→ Task objective: Reproduce all of the entries character for character, while leaving out any pictures they contain.

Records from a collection
- Opening Delimiter -

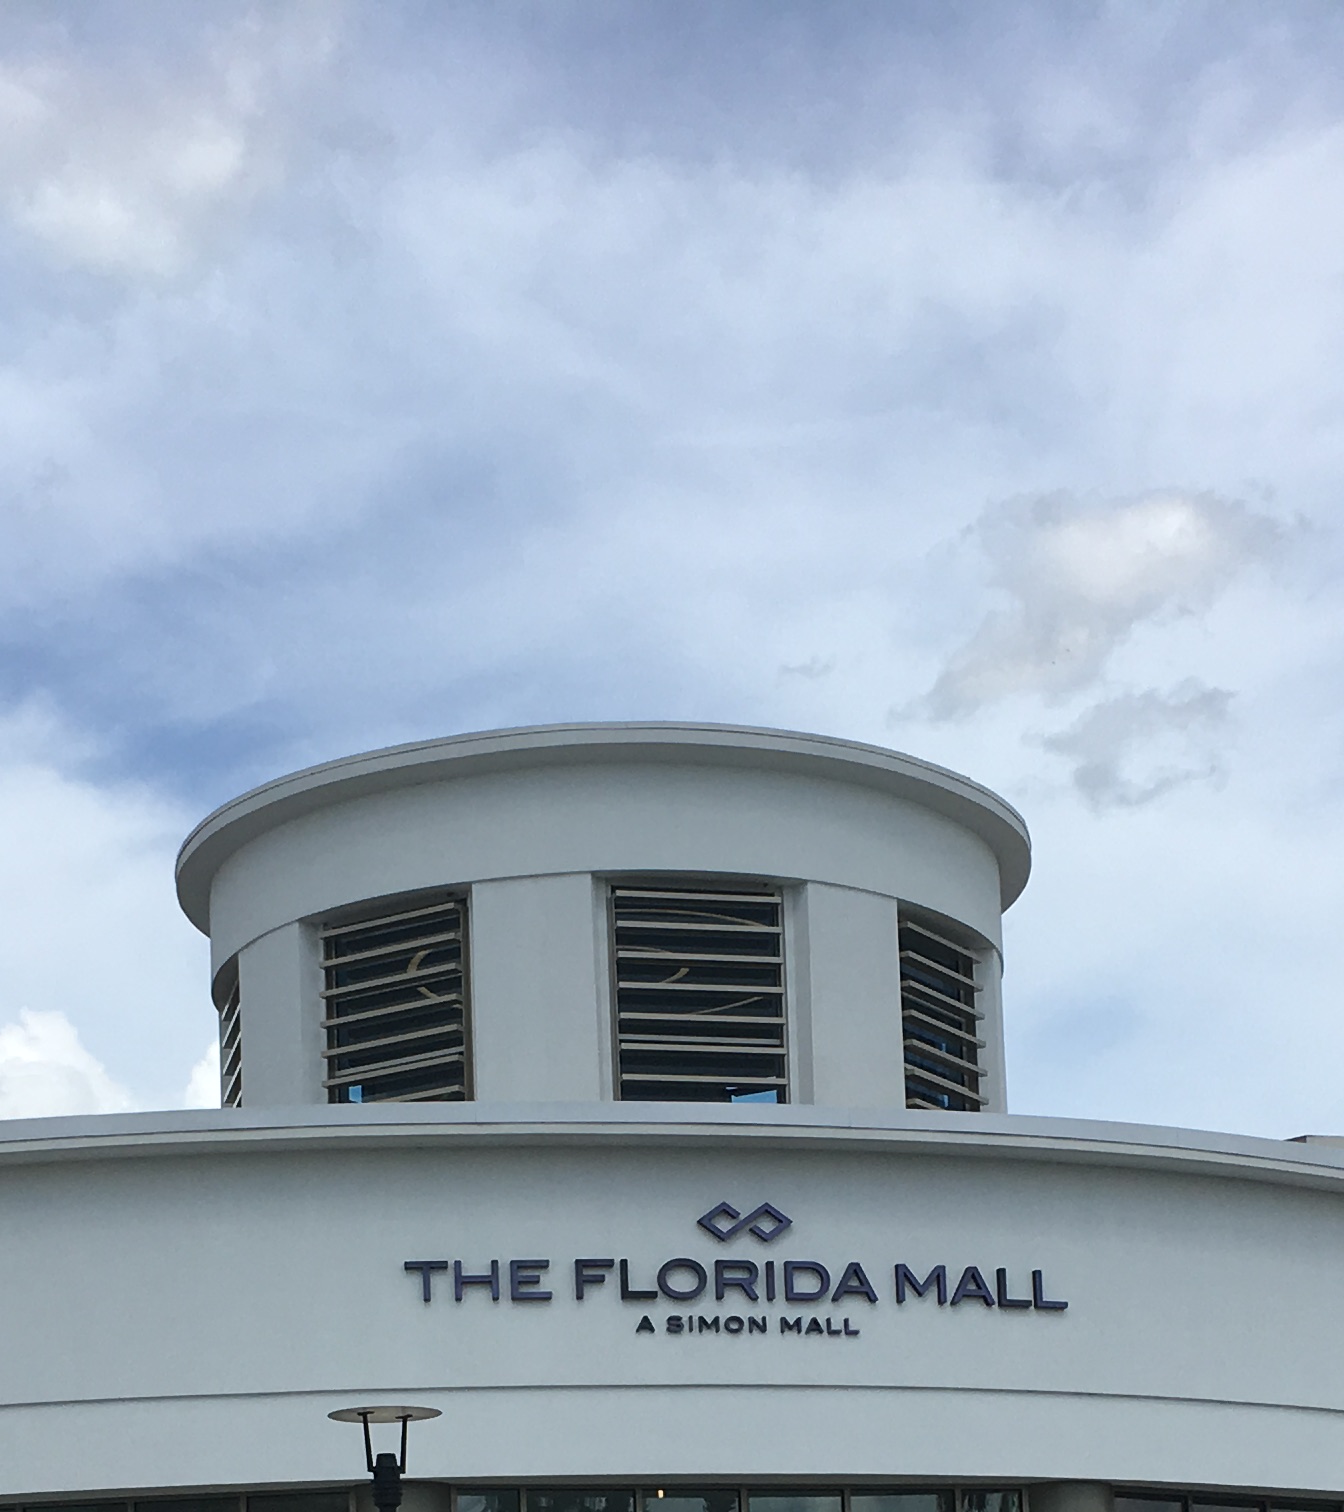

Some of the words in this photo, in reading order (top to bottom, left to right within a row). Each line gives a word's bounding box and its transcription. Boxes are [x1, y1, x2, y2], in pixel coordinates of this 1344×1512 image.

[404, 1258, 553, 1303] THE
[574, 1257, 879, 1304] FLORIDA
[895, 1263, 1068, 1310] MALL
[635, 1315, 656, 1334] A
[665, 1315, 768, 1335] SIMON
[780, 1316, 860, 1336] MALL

- Closing Delimiter -

→ Task output:
Some of the words in this photo, in reading order (top to bottom, left to right within a row). Each line gives a word's bounding box and its transcription. Boxes are [x1, y1, x2, y2], in pixel coordinates of this 1344×1512 image.

[404, 1258, 553, 1303] THE
[574, 1257, 879, 1304] FLORIDA
[895, 1263, 1068, 1310] MALL
[635, 1315, 656, 1334] A
[665, 1315, 768, 1335] SIMON
[780, 1316, 860, 1336] MALL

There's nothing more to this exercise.